The other day in a fit of boredom I decided to dust off my old math books (high school and undergrad) and see if I can still do basic calculus. These days if I need to solve anything I ask a computer to do it, the hazards of getting a job in industry I suppose.

All that said, I have been tripped up by finding limits by conjugates.

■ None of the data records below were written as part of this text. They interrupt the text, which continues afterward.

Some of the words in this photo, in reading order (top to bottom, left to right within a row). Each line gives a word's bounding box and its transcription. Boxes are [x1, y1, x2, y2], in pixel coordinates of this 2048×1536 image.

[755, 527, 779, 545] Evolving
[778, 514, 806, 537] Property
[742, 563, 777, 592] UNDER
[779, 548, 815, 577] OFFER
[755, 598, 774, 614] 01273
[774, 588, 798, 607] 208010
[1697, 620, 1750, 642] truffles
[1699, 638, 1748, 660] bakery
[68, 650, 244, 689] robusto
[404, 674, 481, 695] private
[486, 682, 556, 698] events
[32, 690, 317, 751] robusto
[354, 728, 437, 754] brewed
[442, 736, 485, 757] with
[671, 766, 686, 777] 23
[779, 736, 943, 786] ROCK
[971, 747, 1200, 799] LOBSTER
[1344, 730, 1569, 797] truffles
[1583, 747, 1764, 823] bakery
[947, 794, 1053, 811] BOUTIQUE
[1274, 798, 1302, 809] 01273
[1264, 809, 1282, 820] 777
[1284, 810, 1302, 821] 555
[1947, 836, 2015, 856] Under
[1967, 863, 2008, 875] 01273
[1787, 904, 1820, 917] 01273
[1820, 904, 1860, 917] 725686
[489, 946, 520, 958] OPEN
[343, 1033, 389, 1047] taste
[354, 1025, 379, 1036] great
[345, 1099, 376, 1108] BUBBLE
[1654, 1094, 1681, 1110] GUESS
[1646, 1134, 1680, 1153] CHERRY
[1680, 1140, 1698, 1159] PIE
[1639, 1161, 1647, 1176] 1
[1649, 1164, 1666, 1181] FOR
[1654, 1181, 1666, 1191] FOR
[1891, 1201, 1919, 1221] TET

1. The problem statement, all variables and given/known data

Rationalize the following expression by conjugates: $$ \lim_{x \rightarrow -1} \frac { (x+1) } { \sqrt{x+5} - 2}$$
2. Relevant equations
Not applicable.

3. The attempt at a solution
So the easy way to solve this is to simply plot the function, there you clearly see that the limit is 4. However, that's too easy as this can clearly be done by hand (otherwise the exercise would have said "graph it"). The basic algebra is where I go horribly astray.

$$ \frac { (x+1) } { \sqrt{x+5} - 2} = \frac { (x+1) } { \sqrt{x+5} - 2} \frac { \sqrt{x+5} + 2 } {\sqrt{x+5} + 2} $$
Having cheated and graphed the function I can tell by inspection that the denominator should go to ## (x + 1) ## to cancel out the ## (x + 1) ## in the numerator and yield the limit of 4. And as I'm writing this I think I've answered my own question (huzzah!); it's a simple application of FOIL. $$ ( \sqrt {x + 5} - 2 ) ( \sqrt {x + 5} + 2 ) = x + 5 - 4 = (x + 1) $$ And so $$ \lim_{x \rightarrow -1} \frac { (x+1) } { \sqrt{x+5} - 2} = \lim_{x \rightarrow -1} \sqrt{x+5} + 2 = \sqrt{4} + 2 = 2 + 2 = 4 $$ Have I gone about this the right way or did I just get lucky?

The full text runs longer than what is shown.